++++ INFORMATION PROVIDED

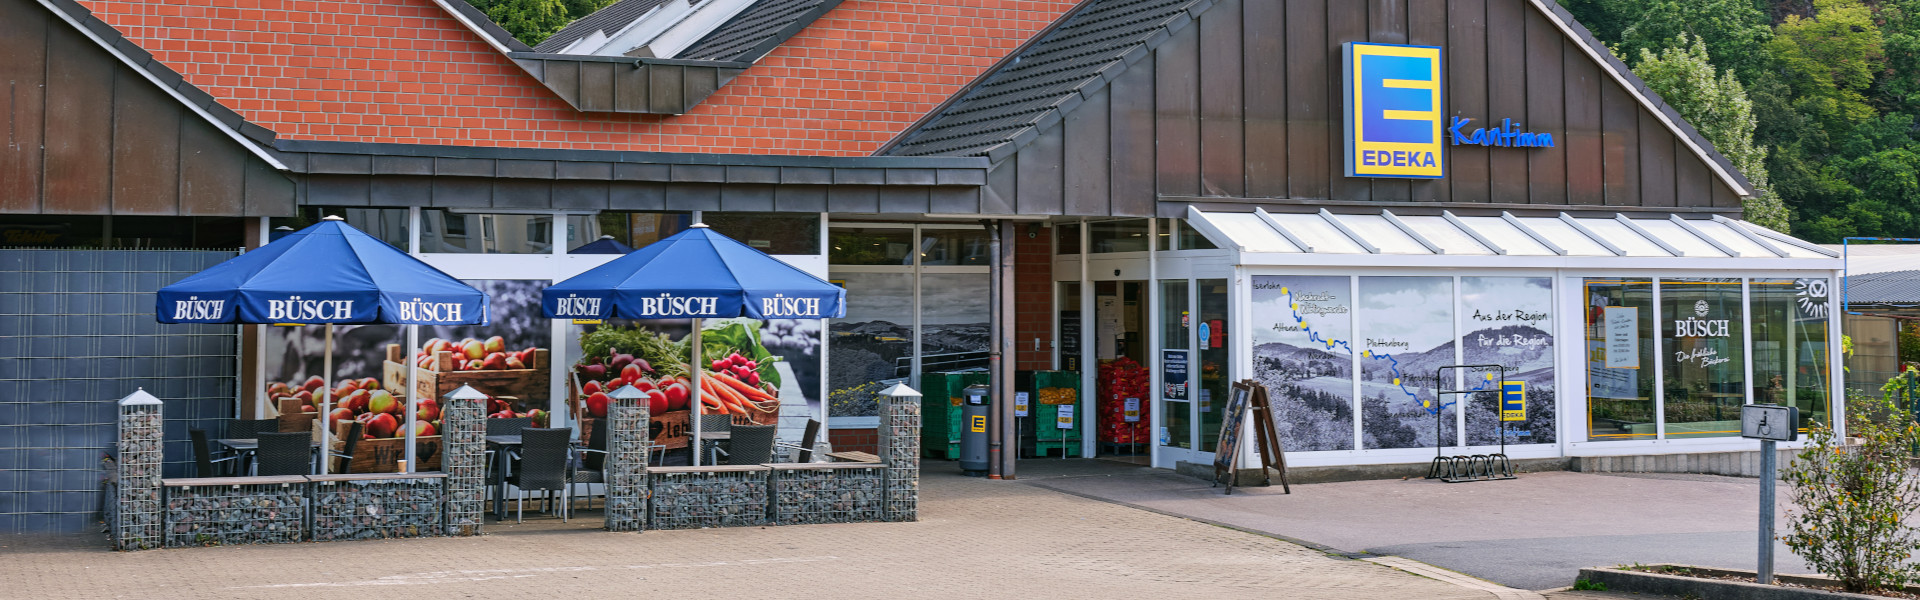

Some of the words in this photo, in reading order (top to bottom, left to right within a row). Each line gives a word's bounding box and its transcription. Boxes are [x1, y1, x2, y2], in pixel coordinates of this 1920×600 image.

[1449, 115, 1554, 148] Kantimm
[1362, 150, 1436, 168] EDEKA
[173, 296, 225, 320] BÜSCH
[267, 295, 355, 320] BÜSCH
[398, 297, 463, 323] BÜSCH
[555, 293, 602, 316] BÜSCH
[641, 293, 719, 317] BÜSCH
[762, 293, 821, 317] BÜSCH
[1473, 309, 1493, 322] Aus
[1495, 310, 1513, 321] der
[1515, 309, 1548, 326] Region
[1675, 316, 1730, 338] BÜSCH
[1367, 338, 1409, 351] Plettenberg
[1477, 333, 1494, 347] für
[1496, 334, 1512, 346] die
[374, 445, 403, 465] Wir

++++++++

--- ABOUT THIS TASK ---
Take the whole listing above and copy it exactly. Pictures do not go into the copy.

--- COMPLETED EXERCISE ---
Some of the words in this photo, in reading order (top to bottom, left to right within a row). Each line gives a word's bounding box and its transcription. Boxes are [x1, y1, x2, y2], in pixel coordinates of this 1920×600 image.

[1449, 115, 1554, 148] Kantimm
[1362, 150, 1436, 168] EDEKA
[173, 296, 225, 320] BÜSCH
[267, 295, 355, 320] BÜSCH
[398, 297, 463, 323] BÜSCH
[555, 293, 602, 316] BÜSCH
[641, 293, 719, 317] BÜSCH
[762, 293, 821, 317] BÜSCH
[1473, 309, 1493, 322] Aus
[1495, 310, 1513, 321] der
[1515, 309, 1548, 326] Region
[1675, 316, 1730, 338] BÜSCH
[1367, 338, 1409, 351] Plettenberg
[1477, 333, 1494, 347] für
[1496, 334, 1512, 346] die
[374, 445, 403, 465] Wir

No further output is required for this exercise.